Exercise instructions: With the line that contains "this 1600×900 image." as the first line, output exactly every line through the end of the material.

════

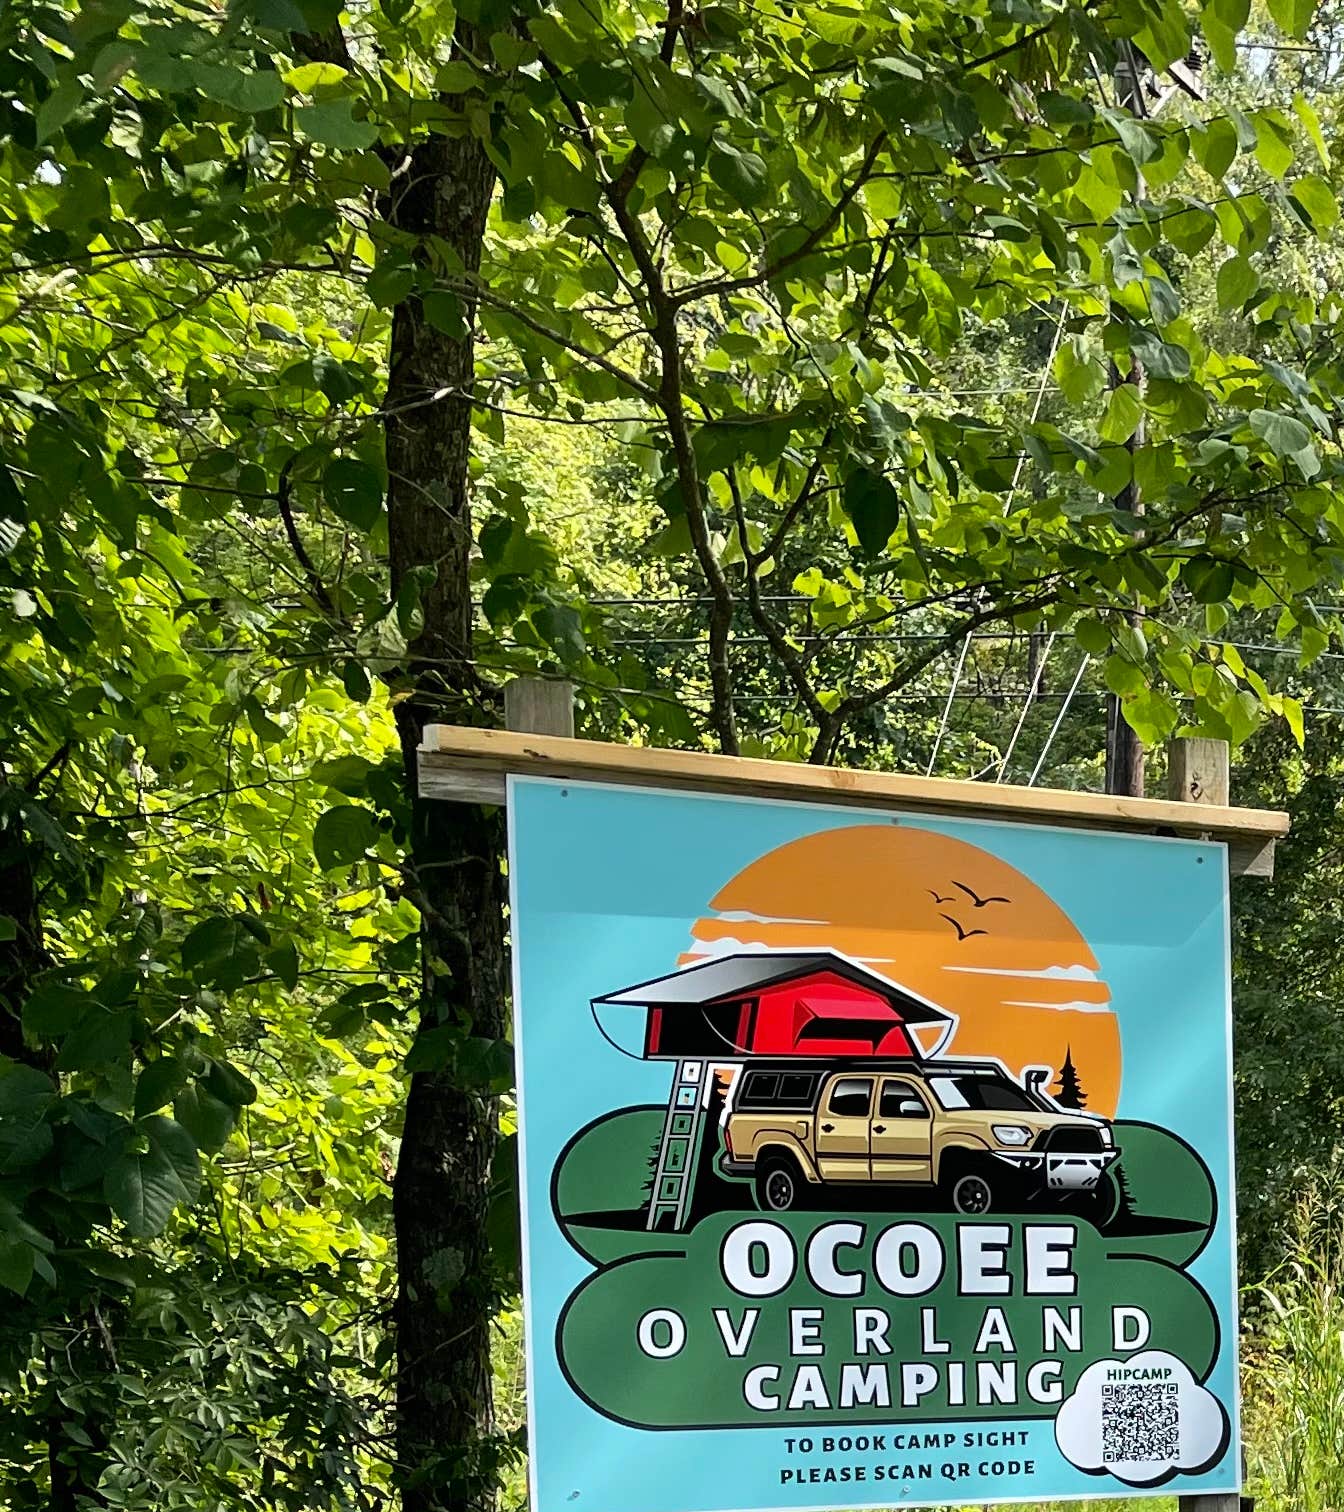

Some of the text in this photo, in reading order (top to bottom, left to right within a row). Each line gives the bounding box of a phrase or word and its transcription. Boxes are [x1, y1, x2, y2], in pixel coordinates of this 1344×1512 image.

[720, 1219, 1079, 1298] OCOEE
[637, 1304, 1152, 1359] OVERLAND
[742, 1359, 1065, 1411] CAMPING
[1106, 1368, 1173, 1381] HIPCAMP
[784, 1431, 1030, 1454] TO BOOK CAMP SIGHT
[780, 1460, 1036, 1484] PLEASE SCAN QR CODE
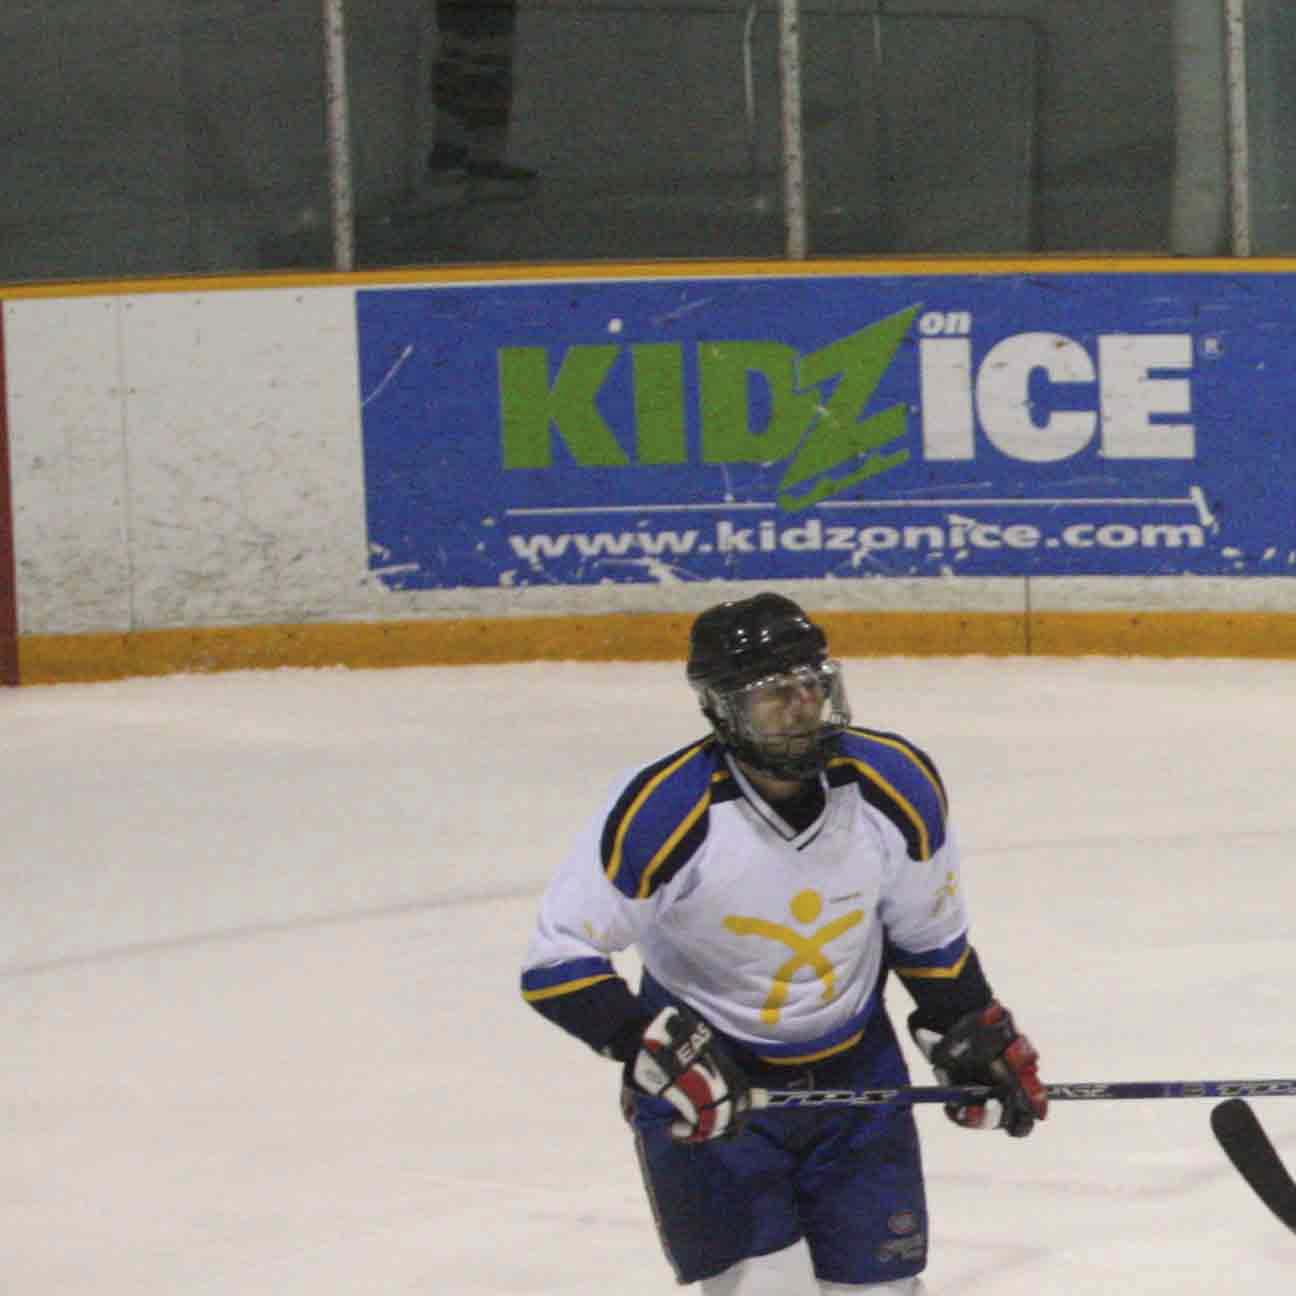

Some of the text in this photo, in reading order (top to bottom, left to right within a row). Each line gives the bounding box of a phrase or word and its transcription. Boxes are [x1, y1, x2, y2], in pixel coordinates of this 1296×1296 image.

[498, 302, 1196, 512] KIDZ on ICE
[509, 518, 1206, 558] www.kidzonice.com
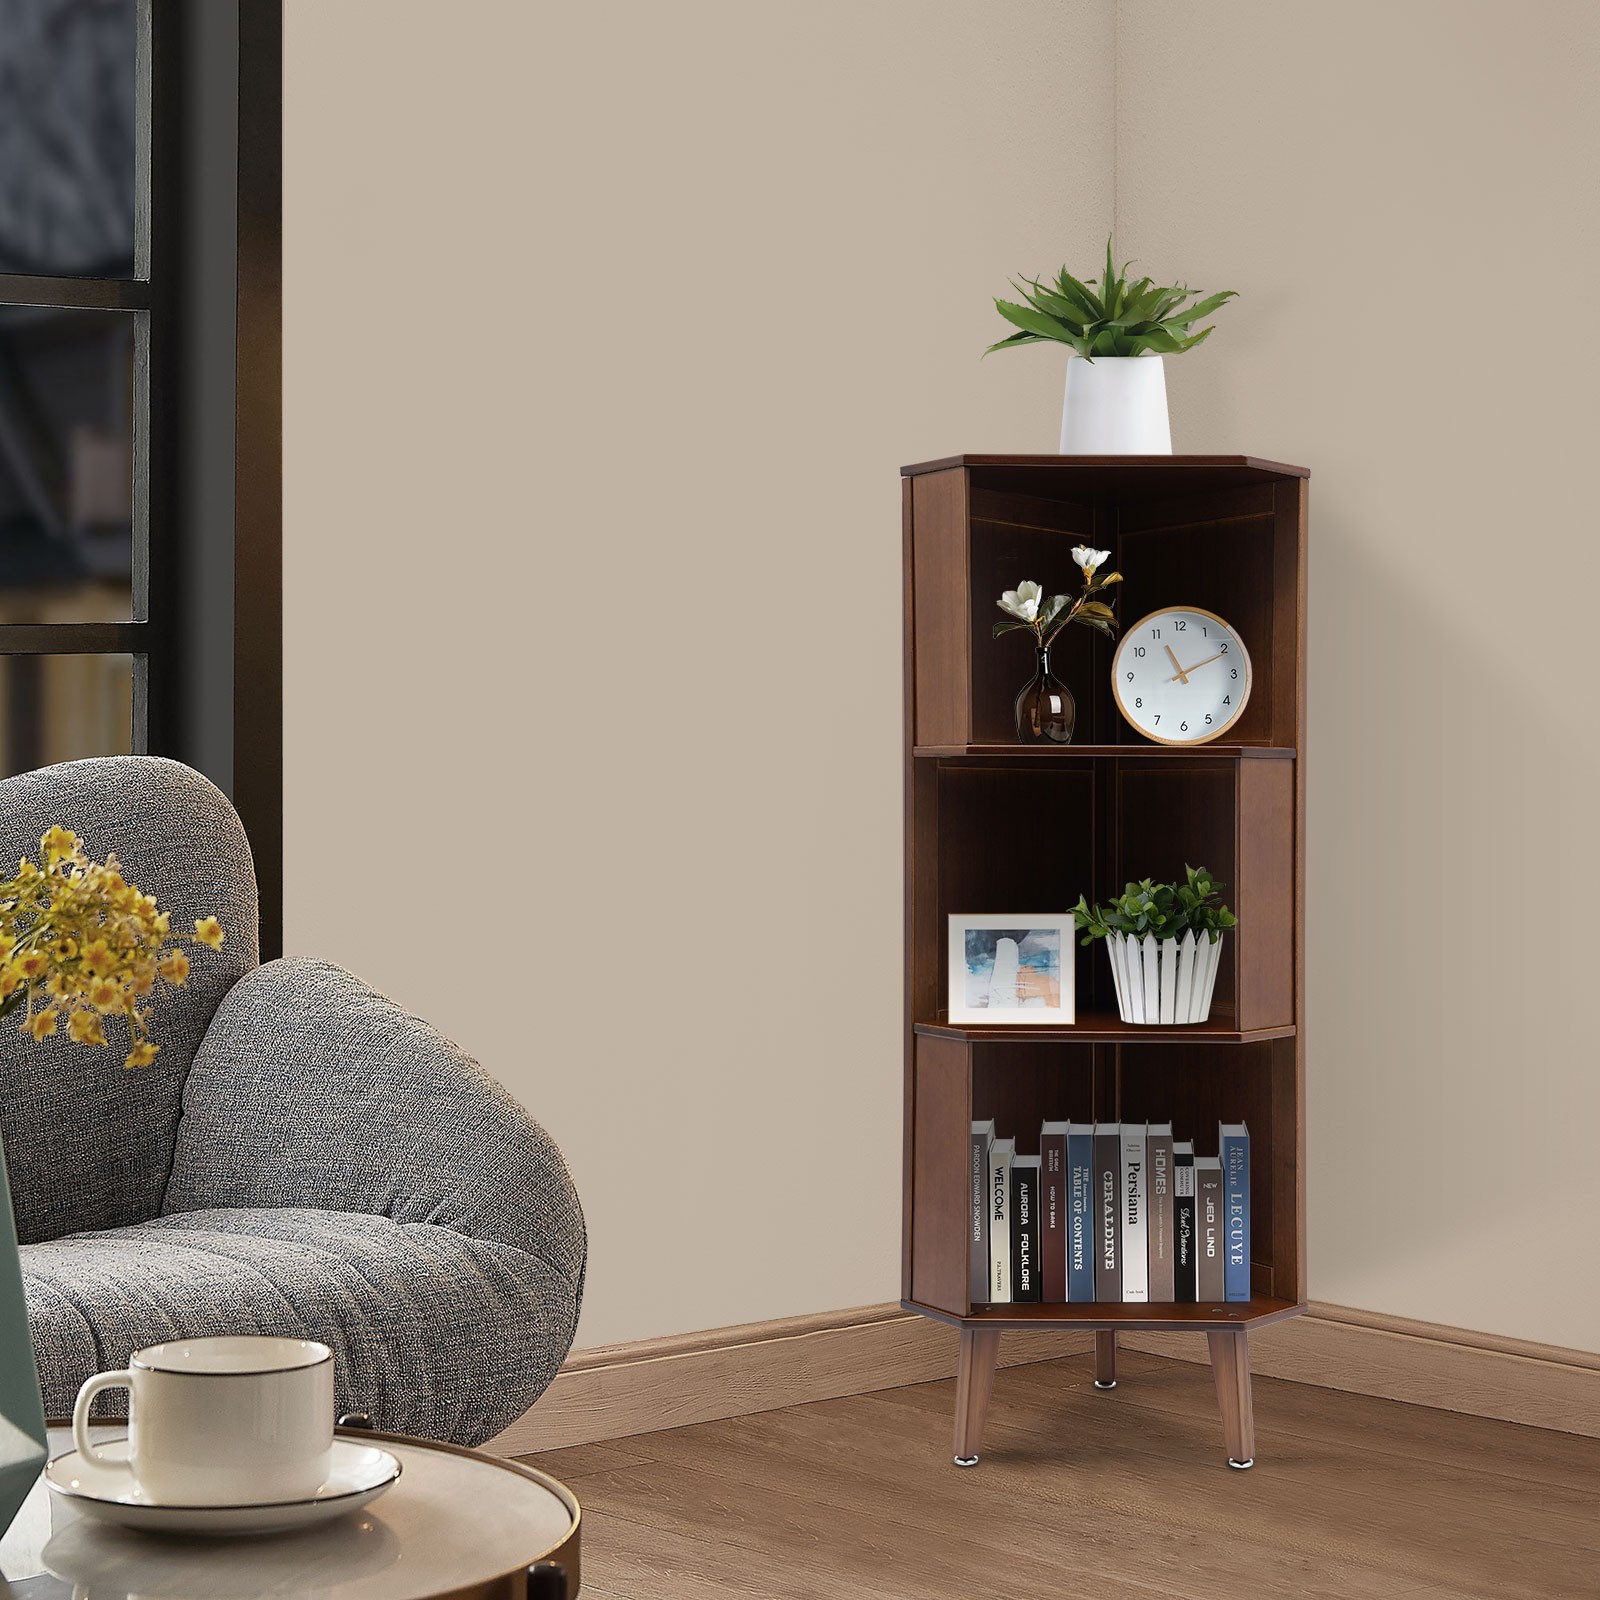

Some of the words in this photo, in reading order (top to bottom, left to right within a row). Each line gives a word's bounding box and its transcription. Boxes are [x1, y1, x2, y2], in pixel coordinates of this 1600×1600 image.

[1152, 630, 1161, 639] 11
[1174, 621, 1186, 631] 12
[1202, 628, 1207, 637] 1
[1134, 647, 1145, 657] 10
[1220, 643, 1228, 654] 2
[1127, 672, 1134, 682] 9
[1230, 669, 1237, 679] 3
[1135, 698, 1143, 708] 8
[1222, 695, 1231, 705] 4
[1154, 715, 1161, 725] 7
[1180, 721, 1188, 731] 6
[1205, 714, 1212, 724] 5
[973, 1145, 981, 1174] PARDON
[1229, 1145, 1237, 1187] AURELIE
[1236, 1146, 1244, 1171] JEAN
[1155, 1148, 1166, 1194] HOMES
[973, 1175, 981, 1204] EDWARD
[1073, 1166, 1082, 1197] TABLE
[994, 1166, 1004, 1221] WELCOME
[1127, 1162, 1141, 1225] Persiana
[1020, 1182, 1028, 1225] AURORA
[1050, 1202, 1056, 1210] TO
[1073, 1200, 1082, 1214] OF
[1206, 1197, 1215, 1223] JED
[1230, 1193, 1243, 1265] LECUYE
[1074, 1216, 1083, 1271] CONTENTS
[1206, 1228, 1215, 1257] LIND
[1021, 1233, 1030, 1291] FOLKLORE
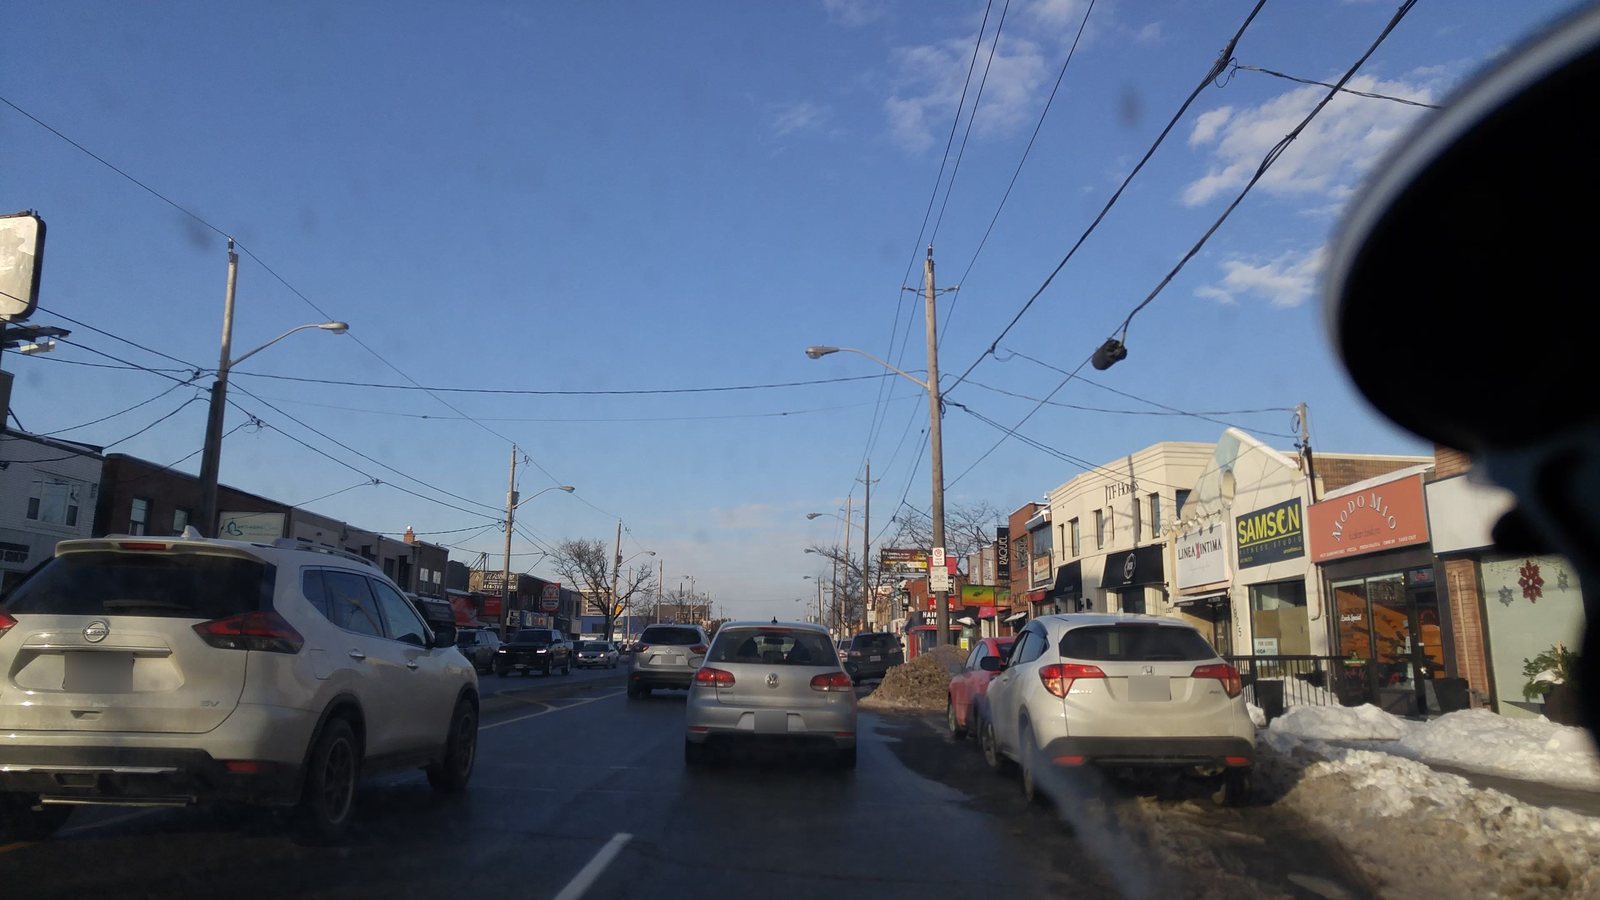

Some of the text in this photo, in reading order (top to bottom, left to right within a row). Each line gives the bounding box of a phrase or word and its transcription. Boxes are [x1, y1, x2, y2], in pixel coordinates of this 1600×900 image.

[1238, 504, 1300, 544] SAMSON
[1332, 493, 1397, 542] MODO MIO
[1178, 539, 1222, 560] LINEA INTIMA

════

Your solution:
Some of the text in this photo, in reading order (top to bottom, left to right within a row). Each line gives the bounding box of a phrase or word and its transcription. Boxes are [x1, y1, x2, y2], in pixel coordinates of this 1600×900 image.

[1238, 504, 1300, 544] SAMSON
[1332, 493, 1397, 542] MODO MIO
[1178, 539, 1222, 560] LINEA INTIMA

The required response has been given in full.